> _Exercise material_:
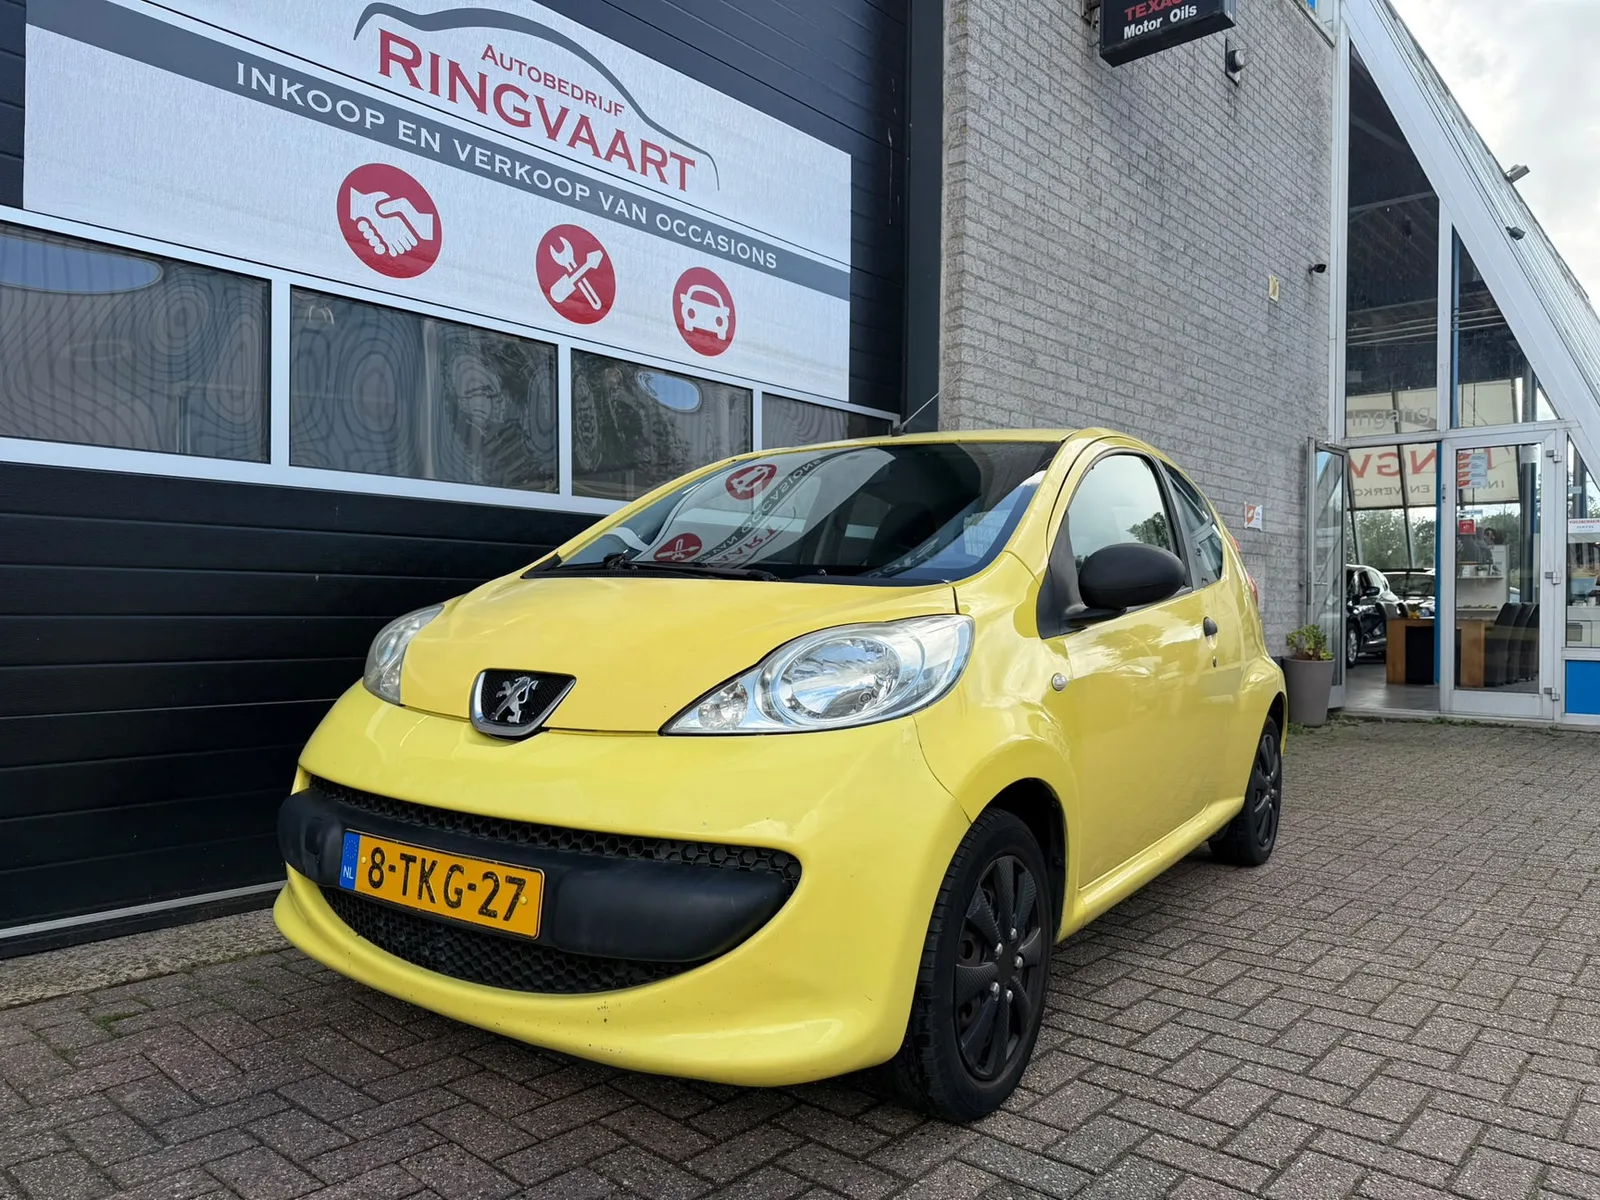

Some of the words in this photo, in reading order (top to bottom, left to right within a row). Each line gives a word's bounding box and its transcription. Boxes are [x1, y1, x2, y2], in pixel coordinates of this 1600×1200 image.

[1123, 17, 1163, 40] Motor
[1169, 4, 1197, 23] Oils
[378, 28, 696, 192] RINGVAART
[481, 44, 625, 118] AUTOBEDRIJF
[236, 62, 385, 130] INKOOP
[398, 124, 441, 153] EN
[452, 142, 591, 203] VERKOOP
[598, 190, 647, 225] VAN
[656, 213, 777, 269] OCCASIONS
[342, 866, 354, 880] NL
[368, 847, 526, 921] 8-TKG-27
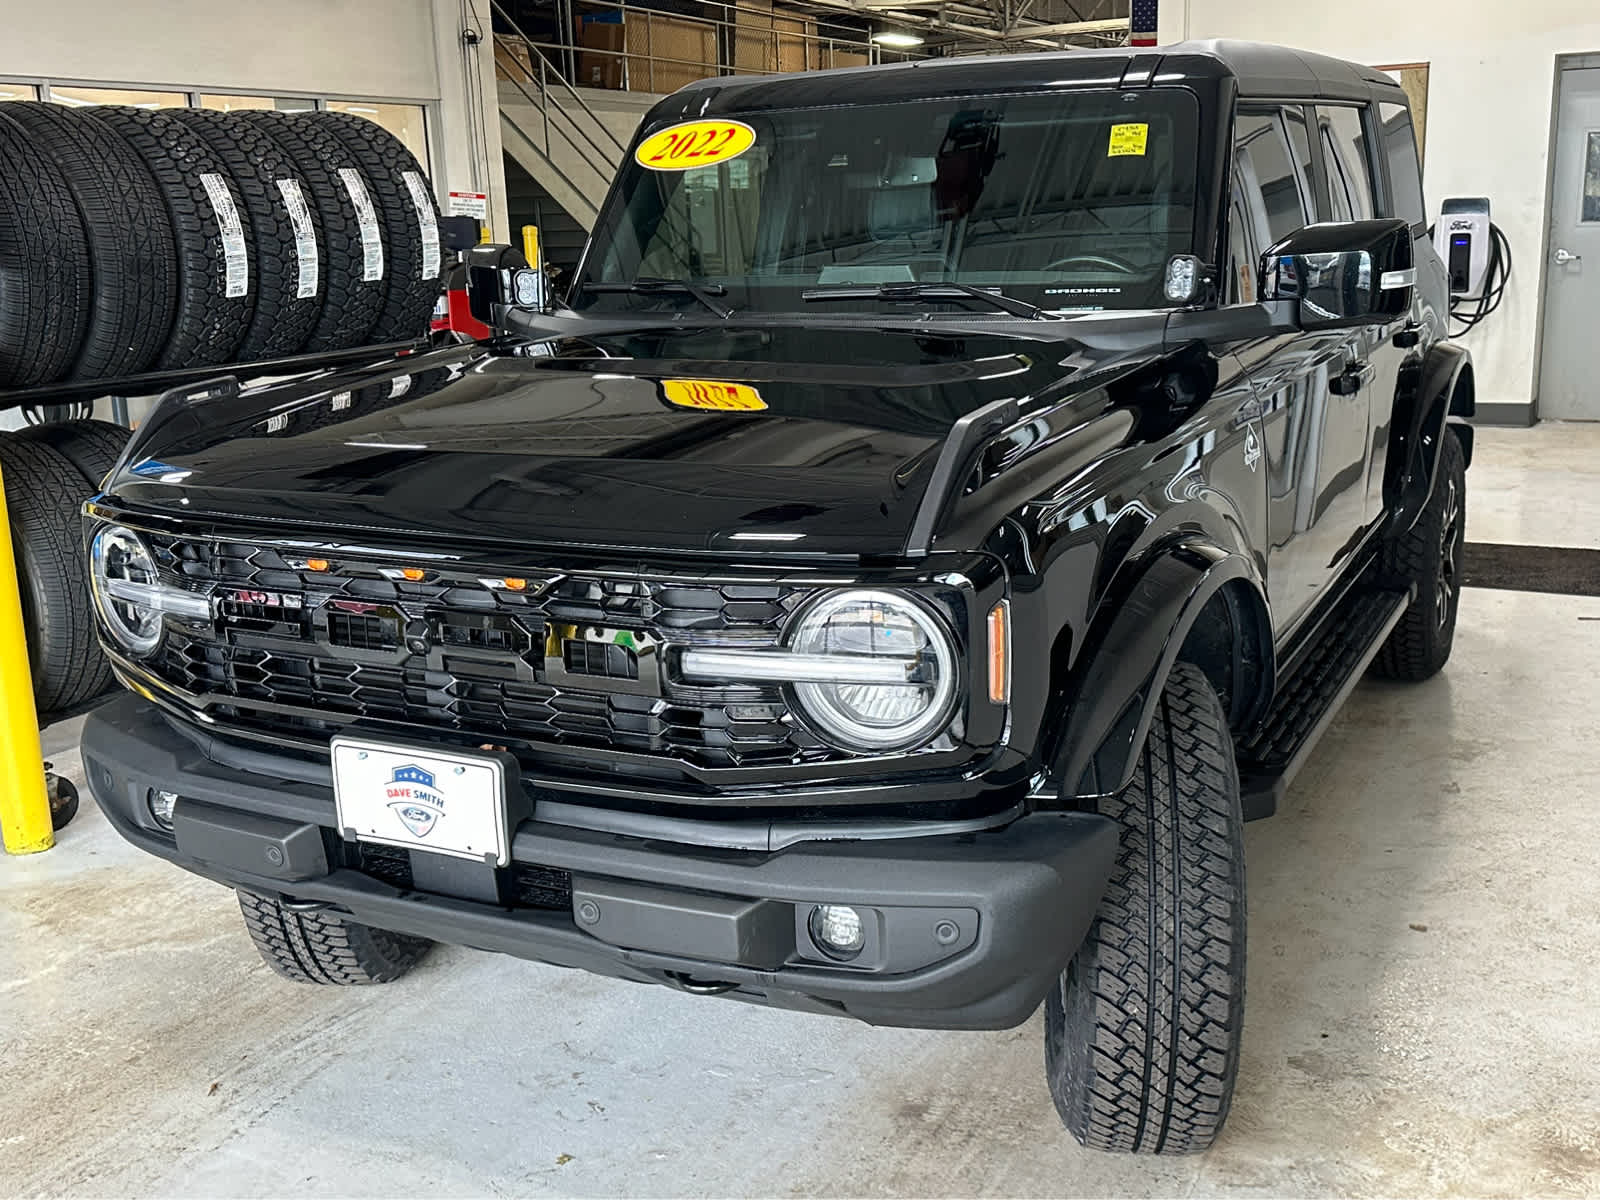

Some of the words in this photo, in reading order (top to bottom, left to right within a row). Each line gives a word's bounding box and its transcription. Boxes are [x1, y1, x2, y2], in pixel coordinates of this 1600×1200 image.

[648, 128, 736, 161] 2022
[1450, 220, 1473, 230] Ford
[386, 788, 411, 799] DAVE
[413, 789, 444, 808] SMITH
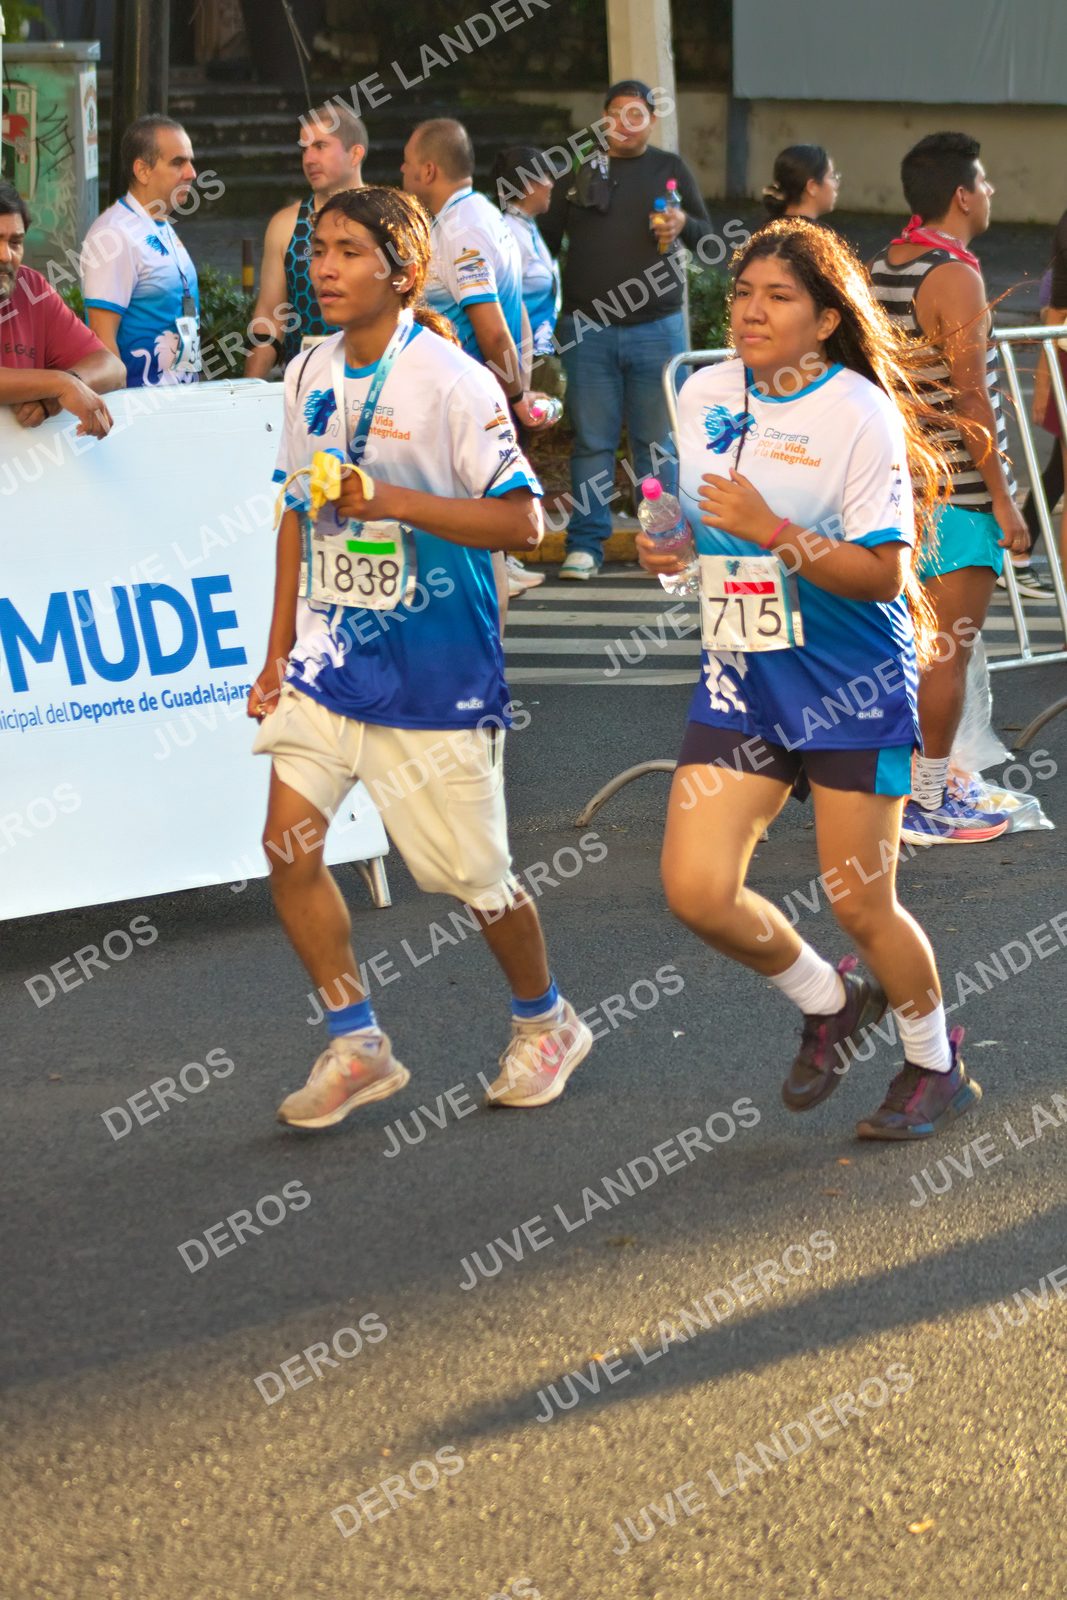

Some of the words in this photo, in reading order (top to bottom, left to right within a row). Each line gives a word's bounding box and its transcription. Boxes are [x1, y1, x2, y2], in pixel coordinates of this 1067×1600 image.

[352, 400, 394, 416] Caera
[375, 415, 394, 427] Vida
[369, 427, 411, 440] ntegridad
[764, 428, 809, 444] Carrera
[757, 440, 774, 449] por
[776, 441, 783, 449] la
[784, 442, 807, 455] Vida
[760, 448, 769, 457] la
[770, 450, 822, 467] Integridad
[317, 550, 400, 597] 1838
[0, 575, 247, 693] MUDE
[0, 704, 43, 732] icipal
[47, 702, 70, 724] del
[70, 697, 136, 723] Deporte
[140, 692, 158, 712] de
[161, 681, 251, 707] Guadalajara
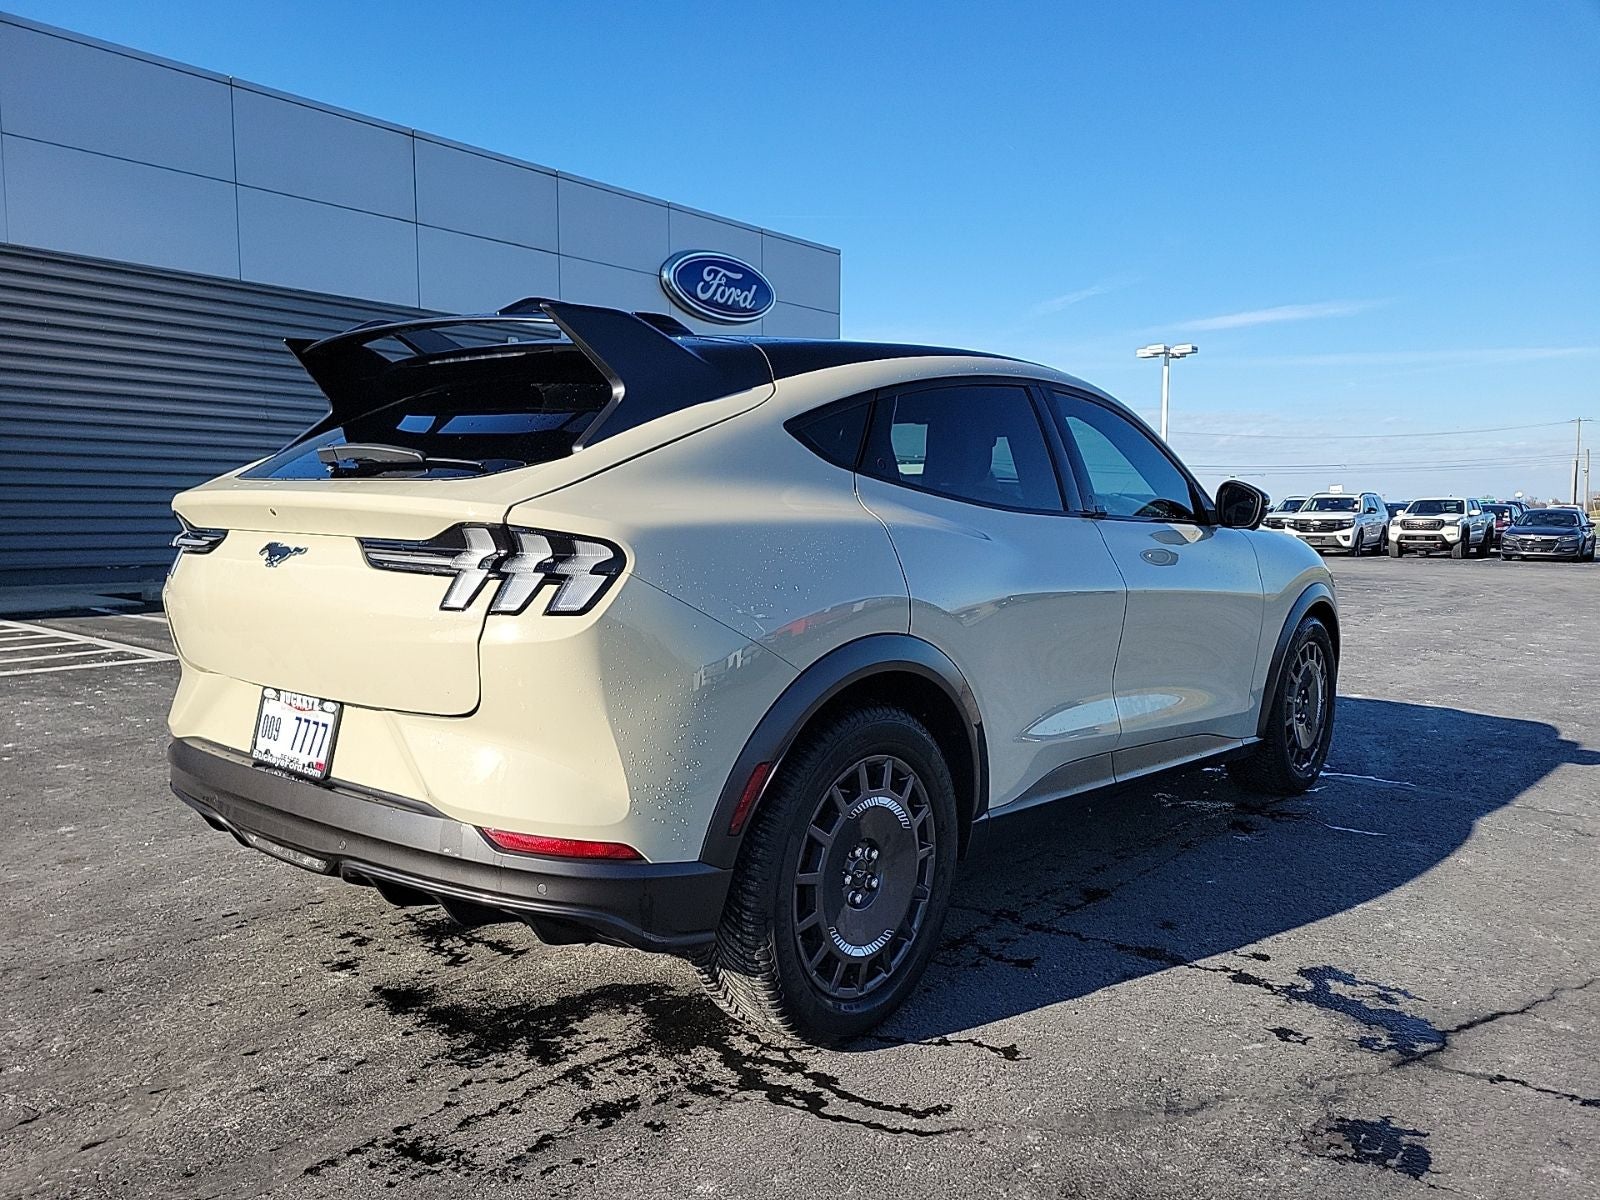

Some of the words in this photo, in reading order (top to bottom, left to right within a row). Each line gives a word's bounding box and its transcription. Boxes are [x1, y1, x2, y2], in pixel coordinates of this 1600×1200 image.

> _Try it_:
Every line above must appear in the answer unchanged, and no picture may appear in it.

> _Result of the task_:
Some of the words in this photo, in reading order (top to bottom, left to right within a row). Each line gives a word's bounding box and its transcription. Boxes are [x1, y1, x2, y2], in pixel coordinates of this 1600×1200 image.

[1123, 17, 1163, 40] Motor
[1169, 4, 1197, 23] Oils
[378, 28, 696, 192] RINGVAART
[481, 44, 625, 118] AUTOBEDRIJF
[236, 62, 385, 130] INKOOP
[398, 124, 441, 153] EN
[452, 142, 591, 203] VERKOOP
[598, 190, 647, 225] VAN
[656, 213, 777, 269] OCCASIONS
[342, 866, 354, 880] NL
[368, 847, 526, 921] 8-TKG-27

Some of the words in this photo, in reading order (top to bottom, left to right within a row). Each line gives a word's bounding box and its transcription. Boxes are [x1, y1, x2, y2], in pixel coordinates of this 1600×1200 image.

[648, 128, 736, 161] 2022
[1450, 220, 1473, 230] Ford
[386, 788, 411, 799] DAVE
[413, 789, 444, 808] SMITH

Some of the words in this photo, in reading order (top to bottom, left to right within a row). Each line gives a word's bounding box and its transcription. Boxes are [x1, y1, x2, y2], in pixel coordinates of this 1067×1600 image.

[352, 400, 394, 416] Caera
[375, 415, 394, 427] Vida
[369, 427, 411, 440] ntegridad
[764, 428, 809, 444] Carrera
[757, 440, 774, 449] por
[776, 441, 783, 449] la
[784, 442, 807, 455] Vida
[760, 448, 769, 457] la
[770, 450, 822, 467] Integridad
[317, 550, 400, 597] 1838
[0, 575, 247, 693] MUDE
[0, 704, 43, 732] icipal
[47, 702, 70, 724] del
[70, 697, 136, 723] Deporte
[140, 692, 158, 712] de
[161, 681, 251, 707] Guadalajara

Some of the words in this photo, in reading order (top to bottom, left to right within a row). Each line gives a word's bounding box and its transcription. Boxes are [x1, y1, x2, y2], in pixel coordinates of this 1600×1200 image.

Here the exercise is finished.